Nel cuore del Salento, tra estati assolate e ricordi indelebili, si cela una narrazione che commuove e fa riflettere. La storia di Carmela Montinaro, madre di Antonio, caposcorta di Giovanni Falcone, emerge grazie all’ispirazione di un tema scolastico di una studentessa. Con l’interpretazione intensa di Ottavia Piccolo e la regia delicata di Carmen Giardina, nasce “Un figlio“, un cortometraggio che ci conduce in un viaggio di memoria e impegno civile, pronto a debuttare il 7 marzo nei festival e nelle sale.
Il ricordo di Carmela Montinaro
Carmela Montinaro non è solo una madre che ha vissuto il dolore della perdita, ma una donna che ha trasformato quel dolore in una testimonianza di dignità. Durante un’intervista, la nipote Elisabetta Zecca racconta: “Mia nonna non mi parlava mai della morte di zio Antonio, ma sempre della sua vita.” Queste parole denunciano un desiderio di celebrazione di un passato che non deve essere dimenticato. La famiglia di Elisabetta ha seguito da vicino la realizzazione del film, che ha incorporato anche elementi di commedia pugliese, come la tradizionale dolcezza dei pasticciotti, portati sul set.
Il film è un affresco di vita che sfida il pubblico a non dimenticare la storia di chi si è sacrificato. Carmela, stanca di vedere il nome di suo figlio prevalere unico in un elenco di poliziotti, rivendica il diritto di ogni vittima di essere ricordato come individuo. A ricordarlo è Nando Della Chiesa, presidente onorario di Libera, il quale racconta di un incontro con lei che ha segnato un punto di svolta. Da quel momento, Libera si impegna affinché ogni vittima della mafia venga ricordata con un nome e non solo come un numero.
Un corto che fa la differenza
“Un figlio” non è solo una storia personale, ma un pezzo di memoria collettiva che invita gli spettatori a riflettere. Ottavia Piccolo, interpretando Carmela, riesce a incarnare il dolore e la resilienza di una madre che ha perso tutto, ma non la sua dignità. L’attrice, entusiasta del progetto, sottolinea l’importanza di rappresentare la verità dei fatti e delle emozioni legate alle vittime della mafia. La sua performance, sebbene breve, è carica di significato e riesce a trasmettere un messaggio potente di empatia e solidarietà a chi ha vissuto esperienze simili.

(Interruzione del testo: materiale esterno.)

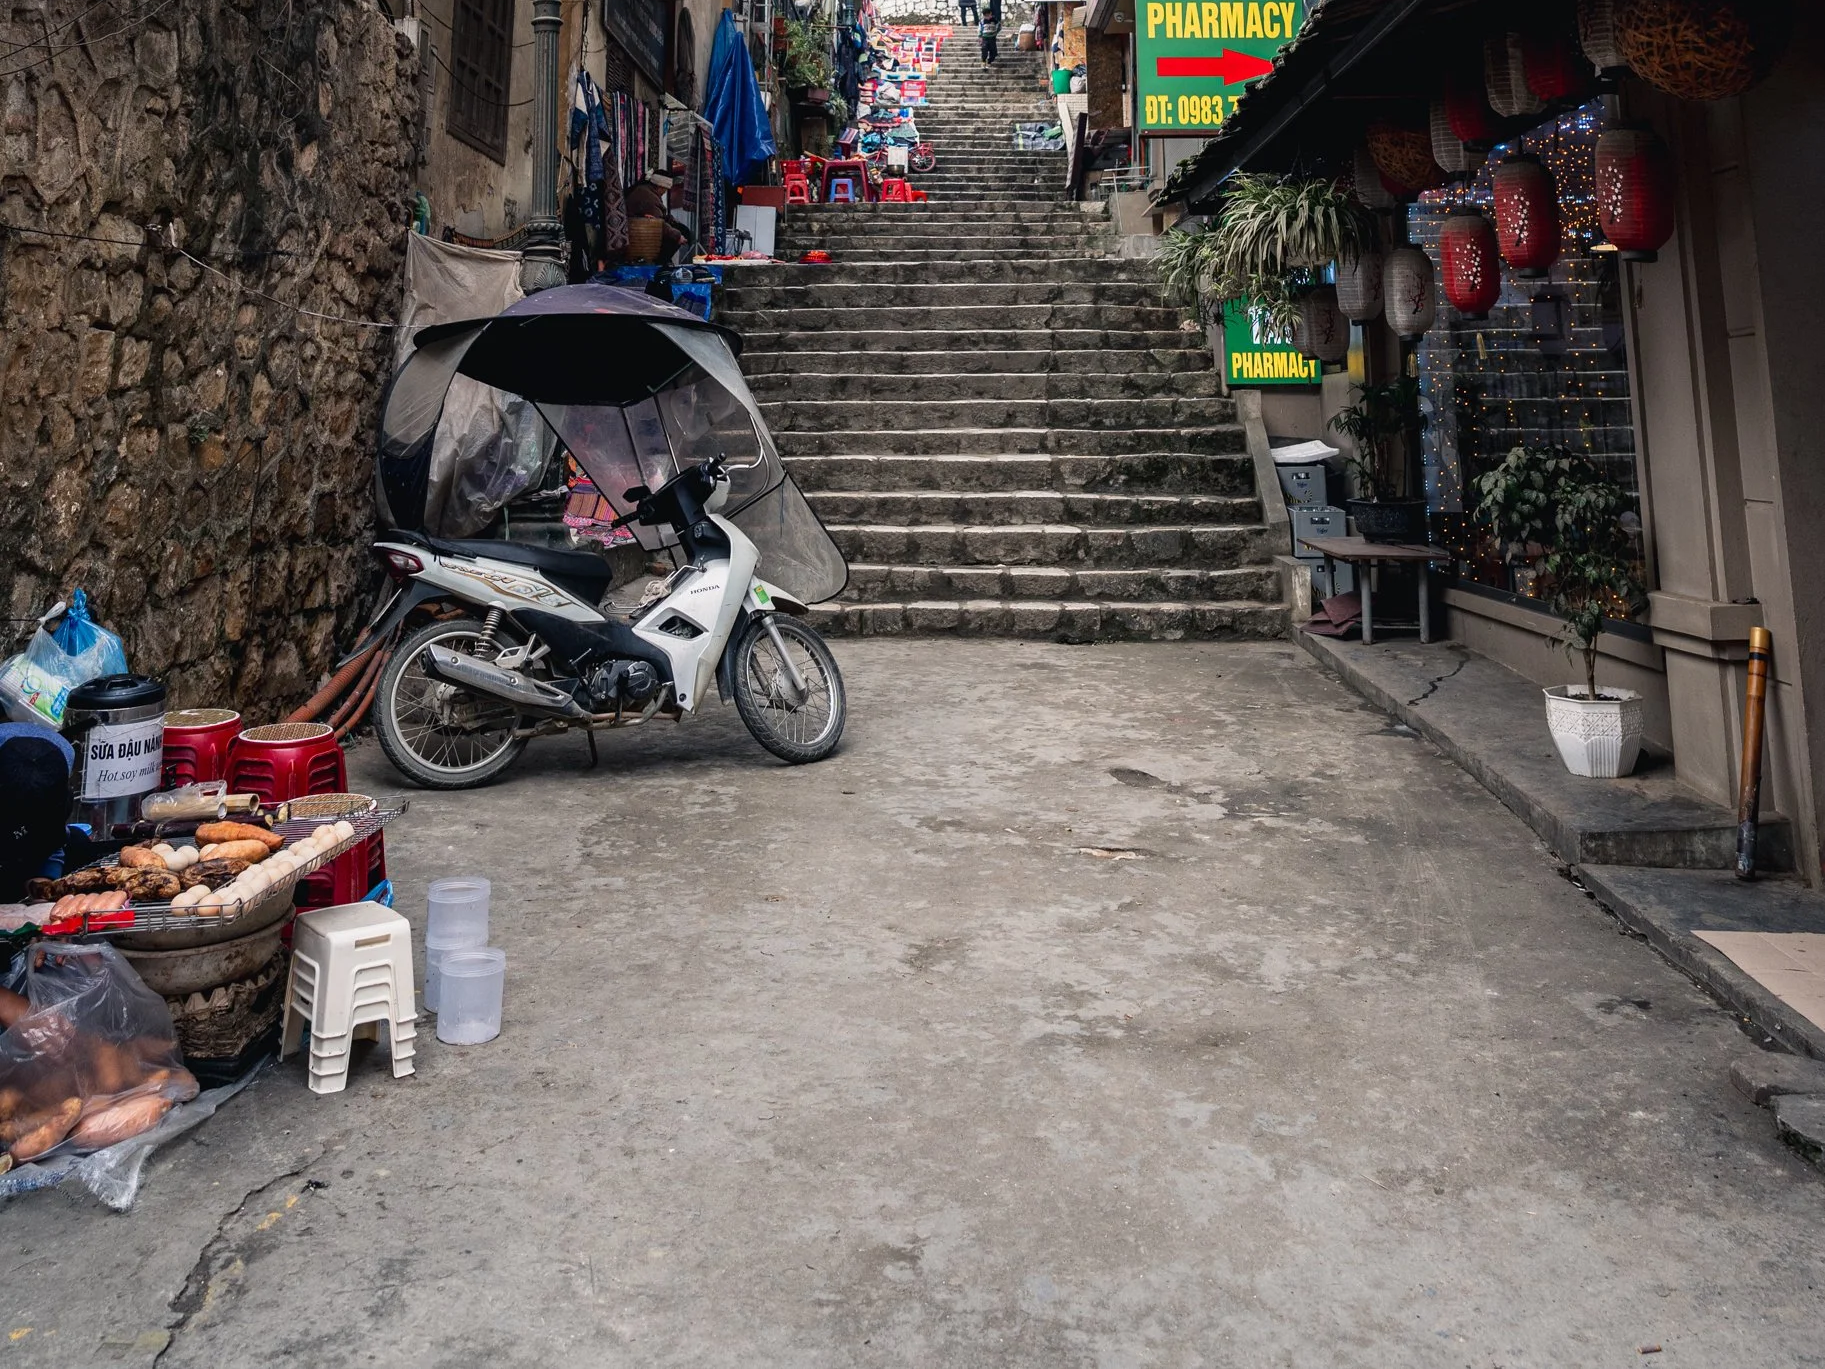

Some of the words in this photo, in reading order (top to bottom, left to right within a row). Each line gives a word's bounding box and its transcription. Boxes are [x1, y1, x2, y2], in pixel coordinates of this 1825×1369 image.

[1147, 2, 1295, 39] PHARMACY
[1145, 95, 1172, 124] ĐT:
[1178, 95, 1223, 124] 0983
[1231, 352, 1316, 378] PHARMACY
[690, 584, 720, 594] HONDA
[90, 741, 114, 760] SỮA
[118, 738, 141, 761] ĐẬU
[98, 769, 117, 782] Hot
[119, 768, 137, 782] soy
[139, 762, 155, 777] milk

All’evento di presentazione del film presso Palazzo Marino, la regista Carmen Giardina ha sottolineato quanto sia stato fondamentale coinvolgere la famiglia Montinaro nel progetto. Le riprese, immerse in una realtà che ricorda e onora il passato, hanno unito attori e protagonisti reali in un’esperienza condivisa. Questo connubio ha trasformato il dolore privato in una narrazione che appartiene a tutti, presentando la storia di Carmela come un monito e un esempio di lotta contro l’oblio.
Memoria collettiva e impegno contro la mafia
La narrazione di Carmela Montinaro si inserisce in un contesto più ampio, quello delle vittime innocenti della mafia. La prima giornata della memoria, tenutasi a Roma nel 1996, ha visto la lettura di circa 300 nomi. Oggi, quel numero è cresciuto esponenzialmente per raggiungere i 1101 nomi, con la lista che sarà letta a Trapani il prossimo 21 marzo. Queste storie, spesso dimenticate, tornano a vivere grazie all’impegno delle famiglie e delle associazioni come Libera, che si battono per preservare la memoria e l’identità di ogni singola vittima.
Il cortometraggio “Un figlio” si fa portavoce di questo impegno, aggiungendo un tassello alla memoria collettiva italiana. Sebbene la durata sia di soli 9 minuti, il corto riesce a condensare un messaggio profondo e universale, invitando ciascuno a riflettere sulla realtà delle vittime della mafia. Carmela Montinaro, con la sua storia, diventa simbolo di una lotta ben più grande, quella di tutti coloro che hanno perso i propri cari e che continuano a chiedere giustizia e riconoscimento.